Luís Felipe Salomão é o favorito para assumir a presidência
O atual vice-presidente do STJ, ministro Luís Felipe Salomão, é amplamente apontado como o candidato natural e deve ser eleito presidente do tribunal sem grandes surpresas. Salomão, que já ocupa uma posição de destaque na corte, tem uma trajetória consolidada e é visto como uma figura de consenso entre os pares.
Para a vice-presidência, a expectativa é que o ministro Mauro Campbell, que atualmente exerce o cargo de corregedor, seja eleito. Campbell tem uma longa experiência na administração da Justiça e sua indicação é considerada uma continuidade natural do trabalho desenvolvido.
Benedito Gonçalves deve assumir a Corregedoria Nacional
O ministro Benedito Gonçalves emerge como o nome mais forte para ocupar a vaga de corregedor nacional de Justiça. Sua indicação é vista como estratégica, dada a necessidade de um perfil técnico e com conhecimento aprofundado das questões correcionais.
O atual presidente do STJ, ministro Herman Benjamin, permanecerá no cargo até agosto de 2026, quando ocorrerá a cerimônia formal de posse dos novos eleitos. Essa transição gradual é uma tradição do tribunal, garantindo estabilidade e continuidade administrativa.
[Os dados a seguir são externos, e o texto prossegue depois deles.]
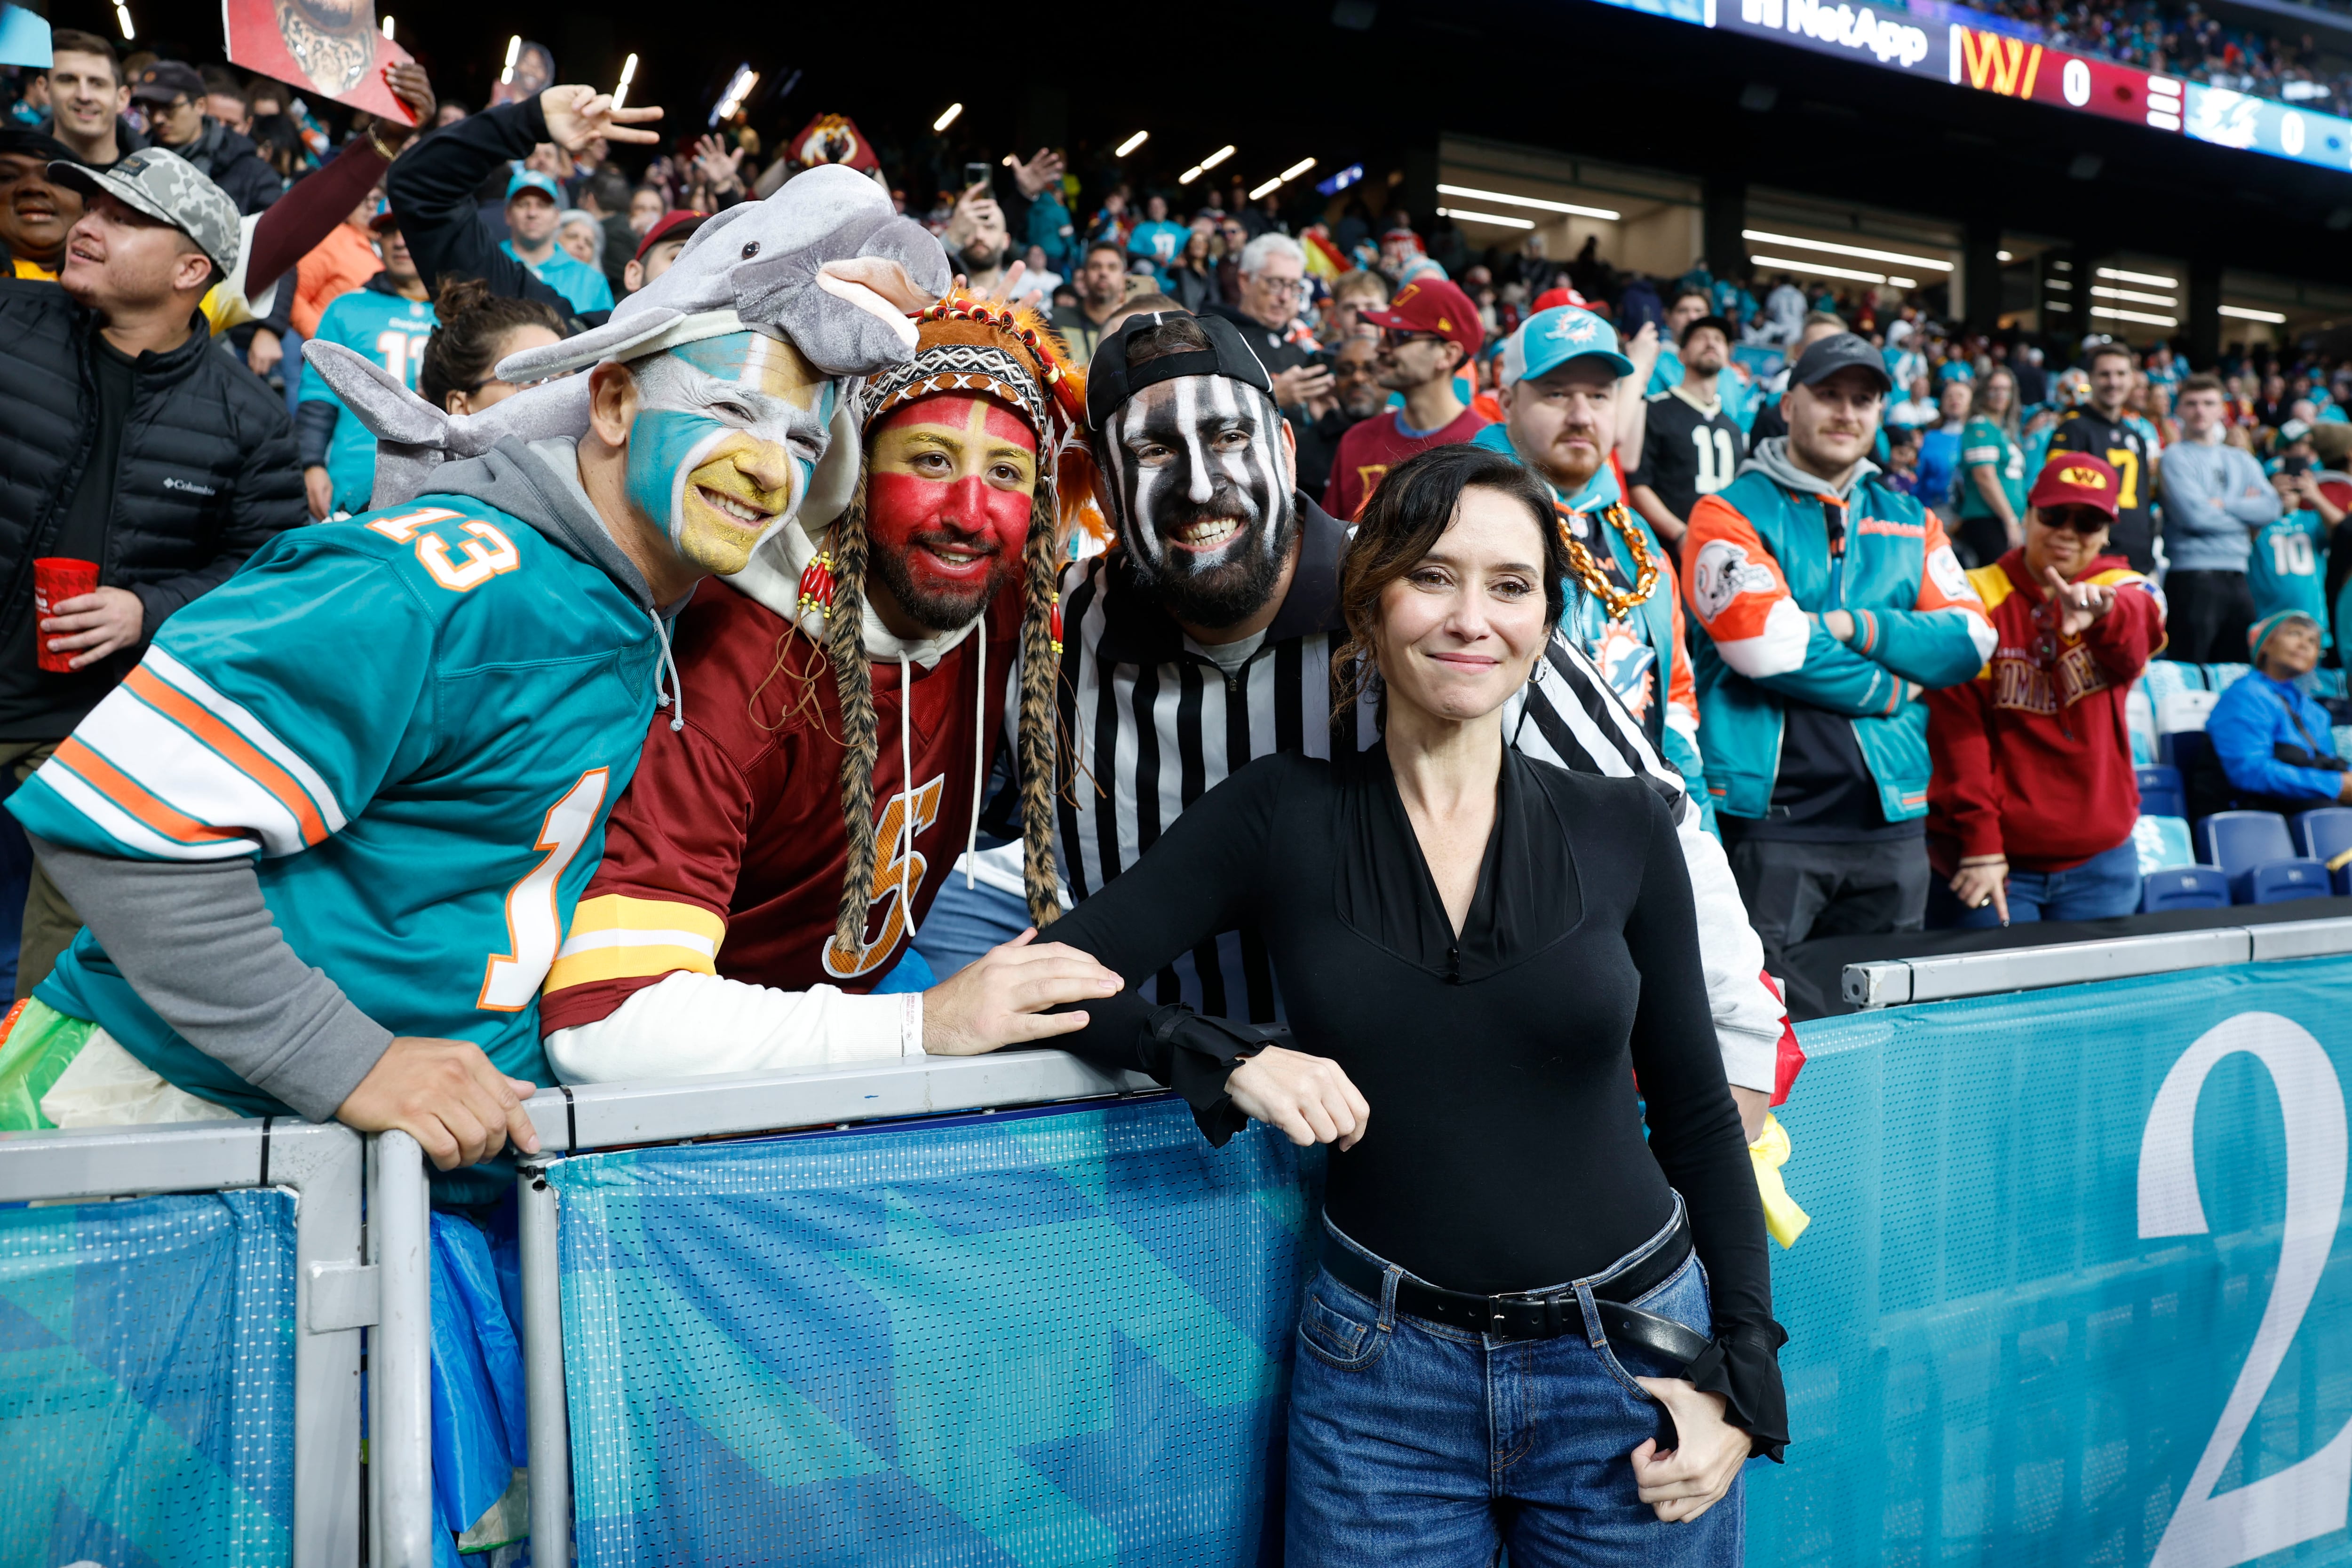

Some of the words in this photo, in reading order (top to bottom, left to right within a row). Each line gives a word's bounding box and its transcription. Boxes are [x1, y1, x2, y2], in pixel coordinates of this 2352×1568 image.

[2063, 59, 2090, 107] 0
[2280, 111, 2304, 156] 0
[174, 479, 215, 496] Columbia
[1691, 424, 1735, 494] 11
[2106, 448, 2139, 509] 7
[366, 507, 520, 592] 13
[2268, 532, 2316, 577] 10
[476, 765, 610, 1013] 1
[821, 772, 945, 979] 5
[2137, 1011, 2352, 1568] 2
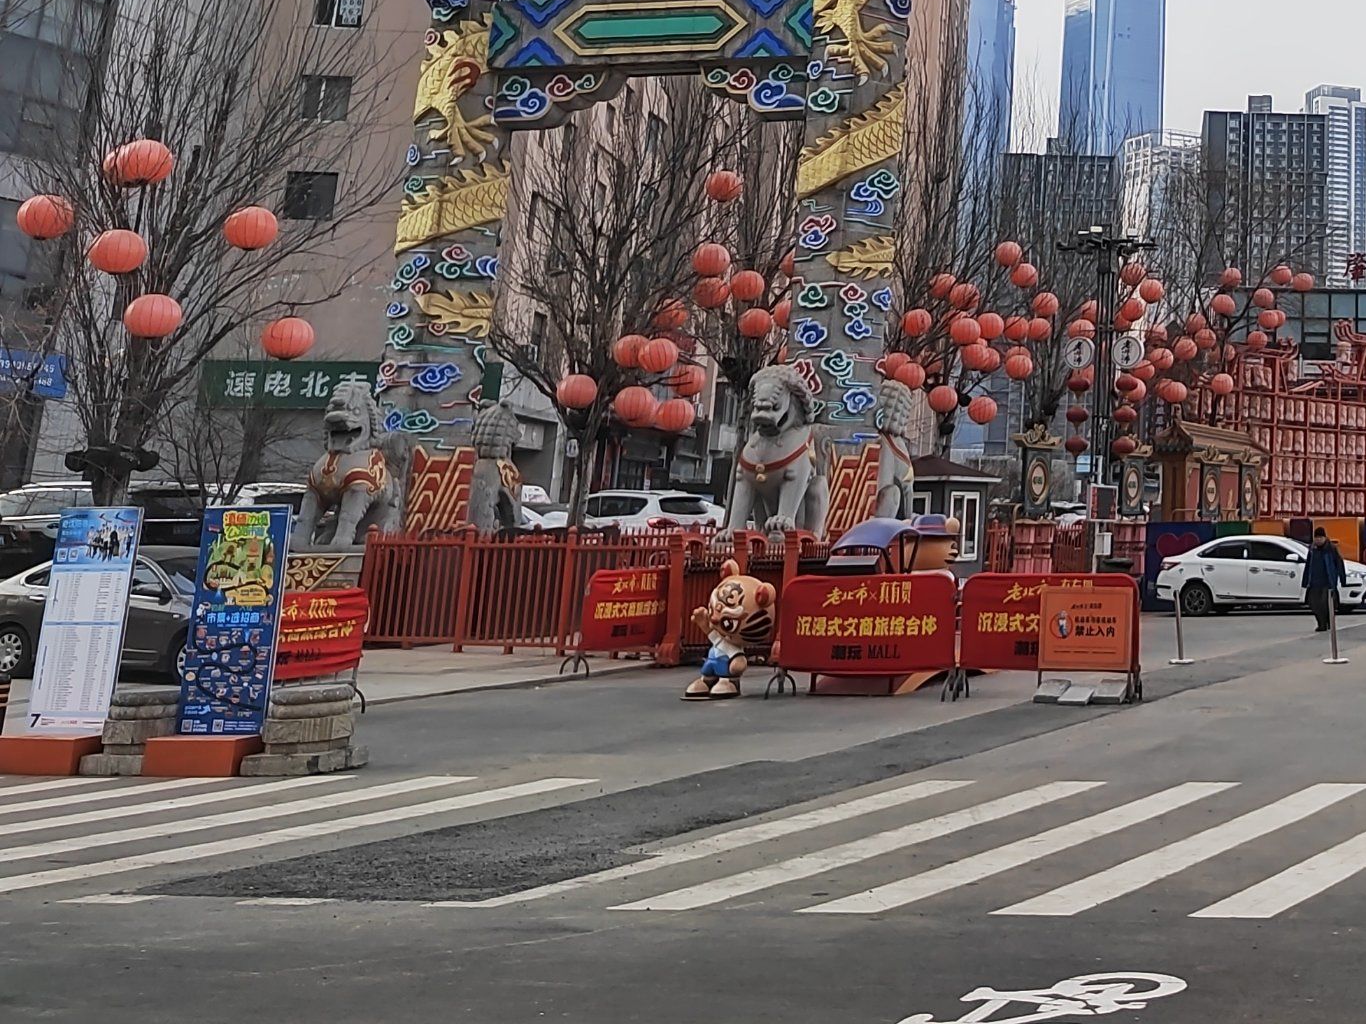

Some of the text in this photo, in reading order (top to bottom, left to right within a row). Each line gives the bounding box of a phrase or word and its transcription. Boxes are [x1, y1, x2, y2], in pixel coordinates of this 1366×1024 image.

[796, 614, 938, 637] 沉浸式文商旅综合体
[1074, 625, 1115, 638] 禁止入内
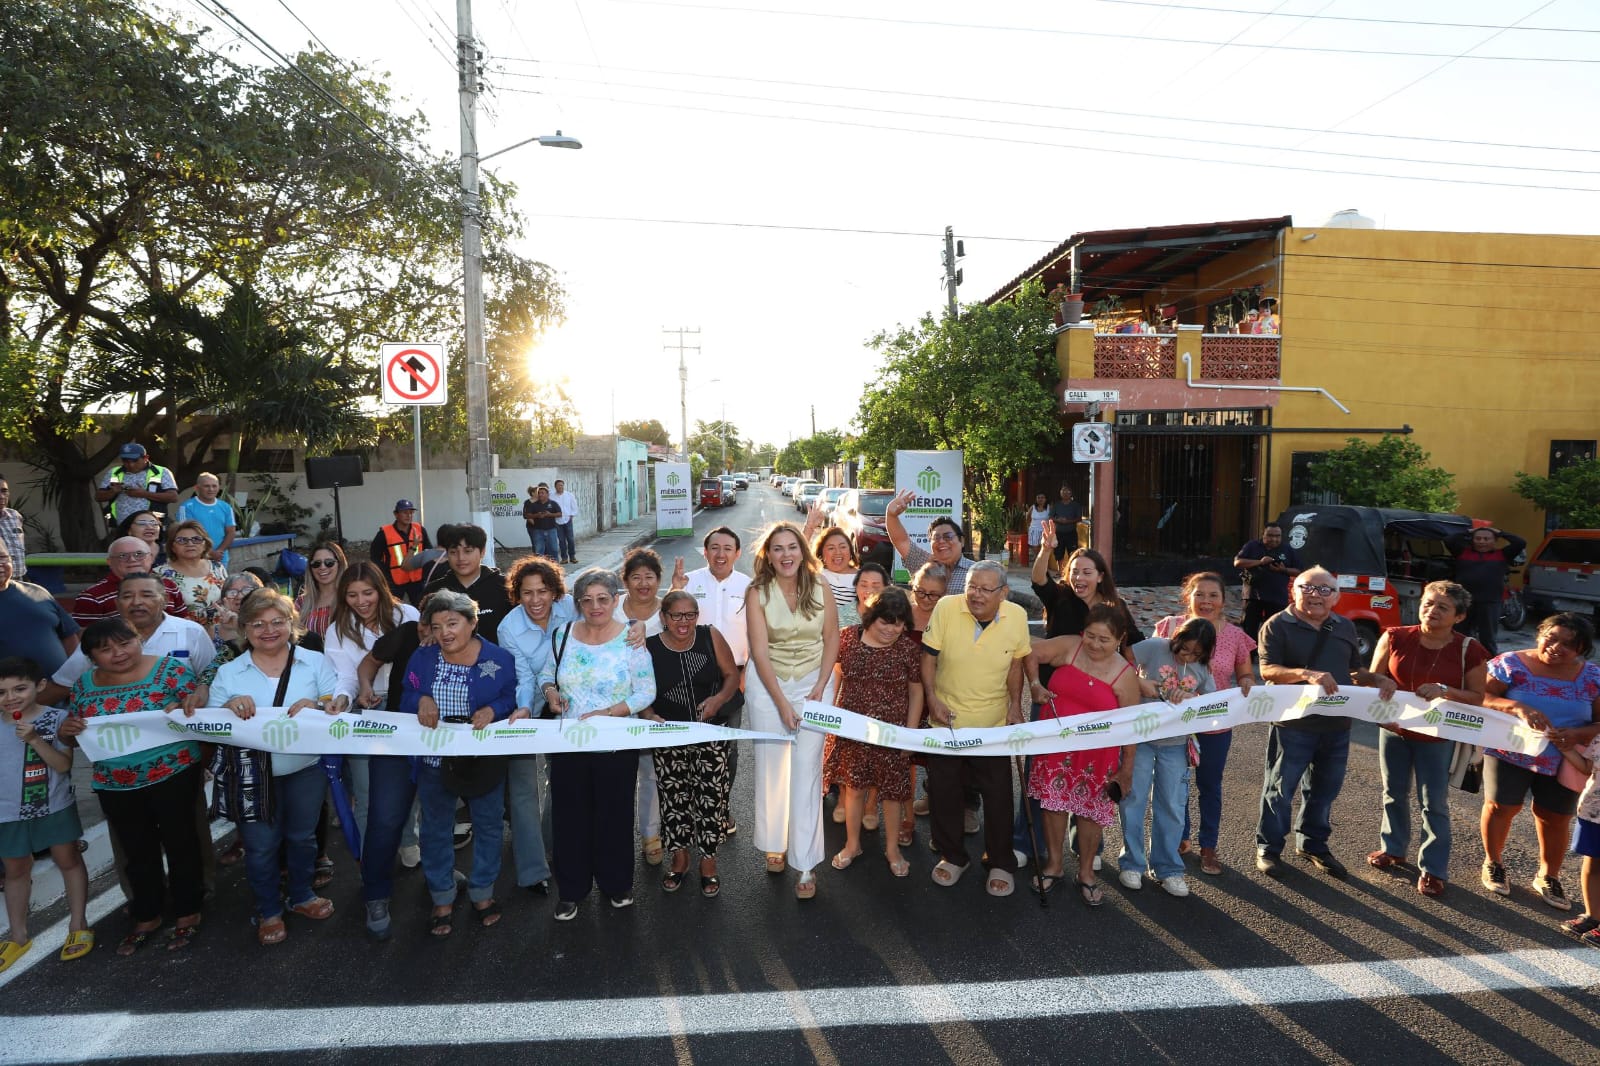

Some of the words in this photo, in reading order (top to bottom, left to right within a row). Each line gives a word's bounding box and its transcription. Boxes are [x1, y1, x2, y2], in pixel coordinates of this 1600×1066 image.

[803, 711, 842, 725] MÉRIDA
[186, 721, 232, 732] MÉRIDA
[353, 719, 398, 731] MÉRIDA
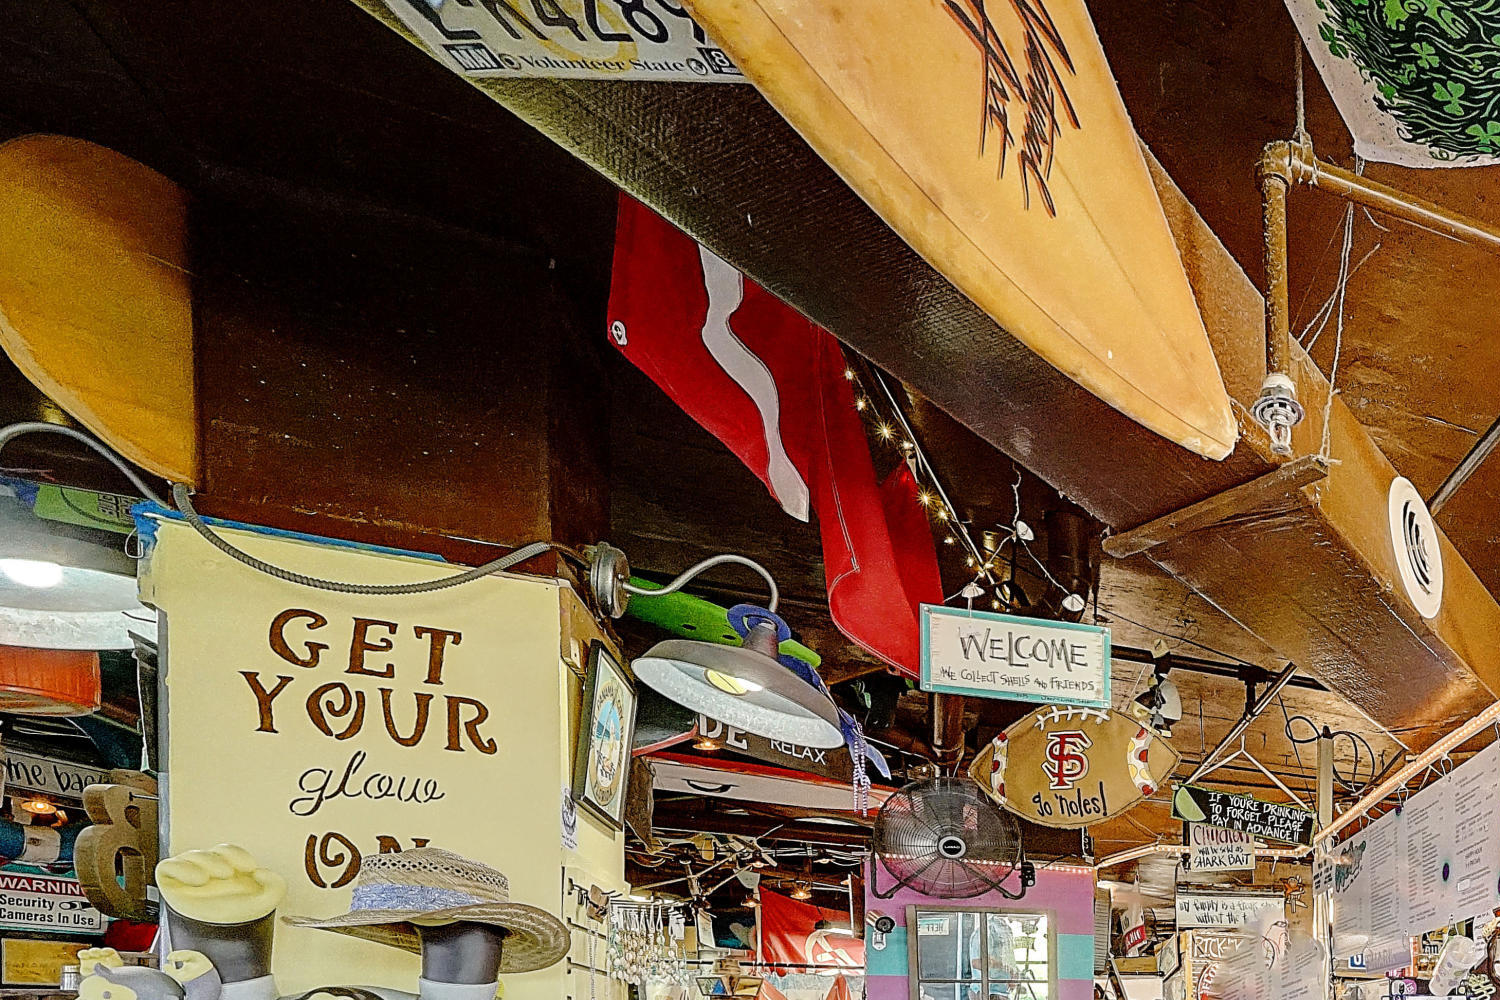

Eleição antecipada atende ao calendário eleitoral de 2026
A realização da eleição na primeira quinzena de abril não é aleatória. O calendário foi ajustado em função das eleições gerais de 2026, com o objetivo de proporcionar tempo suficiente para que o Senado Federal realize a sabatina do indicado ao cargo de corregedor nacional de Justiça. Esse processo é fundamental para assegurar a legitimidade e a transparência da indicação.
Além da eleição, a Corte Especial do STJ, composta pelos ministros mais antigos, discutiu reservadamente questões internas, incluindo a reação a um suposto esquema de venda de decisões judiciais. Essas discussões destacam os desafios que a nova cúpula herdará, exigindo firmeza e integridade na condução dos trabalhos.
A eleição desta terça-feira marca um momento de renovação e expectativa para o STJ, com a nova liderança tendo a responsabilidade de guiar o tribunal em um período de significativas demandas judiciais e administrativas.